→ What you have to do: Leaving out any pictures, print the entries that follow exactly as they stand.

→ Data under study:
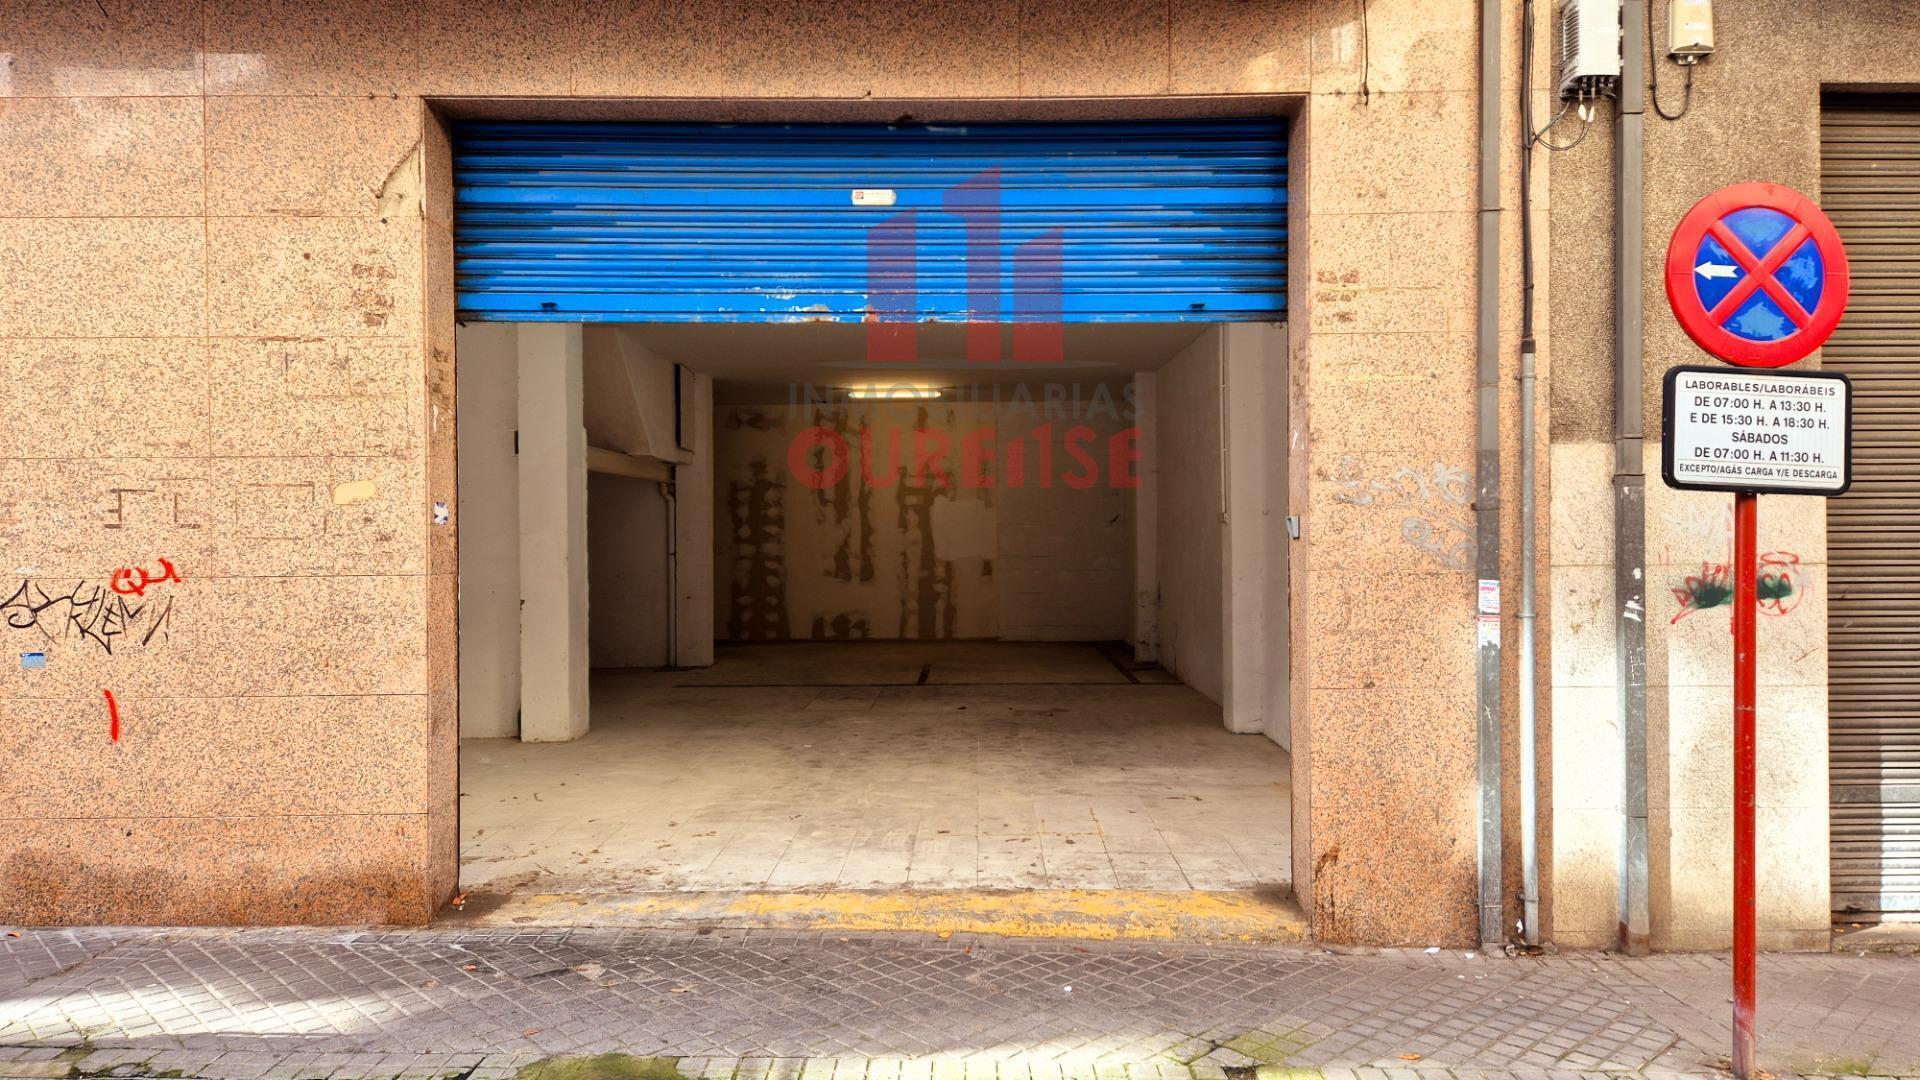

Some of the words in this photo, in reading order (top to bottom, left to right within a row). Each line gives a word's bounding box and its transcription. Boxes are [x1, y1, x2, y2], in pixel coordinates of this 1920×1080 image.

[1685, 380, 1836, 396] LABORABLES/LABORÁBEIS
[1694, 396, 1710, 407] DE
[1714, 397, 1749, 409] 07:00
[1753, 400, 1764, 410] H.
[1769, 401, 1777, 410] A
[1781, 401, 1811, 412] 13:30
[1815, 403, 1827, 413] H.
[1690, 413, 1697, 422] E
[1702, 413, 1717, 424] DE
[1722, 415, 1752, 425] 15:30
[1756, 416, 1768, 426] H.
[1773, 417, 1780, 427] A
[1784, 418, 1814, 428] 18:30
[1818, 419, 1830, 429] H.
[1732, 430, 1788, 444] SÁBADOS
[1694, 447, 1710, 458] DE
[1714, 448, 1749, 460] 07:00
[1753, 450, 1764, 461] H.
[1769, 451, 1777, 461] A
[1781, 452, 1809, 463] 11:30
[1813, 453, 1824, 463] H.
[1680, 464, 1742, 474] EXCEPTO/AGÁS
[1745, 466, 1773, 476] CARGA
[1776, 468, 1790, 477] Y/E
[1793, 469, 1837, 479] DESCARGA

→ Output for this exercise:
Some of the words in this photo, in reading order (top to bottom, left to right within a row). Each line gives a word's bounding box and its transcription. Boxes are [x1, y1, x2, y2], in pixel coordinates of this 1920×1080 image.

[1685, 380, 1836, 396] LABORABLES/LABORÁBEIS
[1694, 396, 1710, 407] DE
[1714, 397, 1749, 409] 07:00
[1753, 400, 1764, 410] H.
[1769, 401, 1777, 410] A
[1781, 401, 1811, 412] 13:30
[1815, 403, 1827, 413] H.
[1690, 413, 1697, 422] E
[1702, 413, 1717, 424] DE
[1722, 415, 1752, 425] 15:30
[1756, 416, 1768, 426] H.
[1773, 417, 1780, 427] A
[1784, 418, 1814, 428] 18:30
[1818, 419, 1830, 429] H.
[1732, 430, 1788, 444] SÁBADOS
[1694, 447, 1710, 458] DE
[1714, 448, 1749, 460] 07:00
[1753, 450, 1764, 461] H.
[1769, 451, 1777, 461] A
[1781, 452, 1809, 463] 11:30
[1813, 453, 1824, 463] H.
[1680, 464, 1742, 474] EXCEPTO/AGÁS
[1745, 466, 1773, 476] CARGA
[1776, 468, 1790, 477] Y/E
[1793, 469, 1837, 479] DESCARGA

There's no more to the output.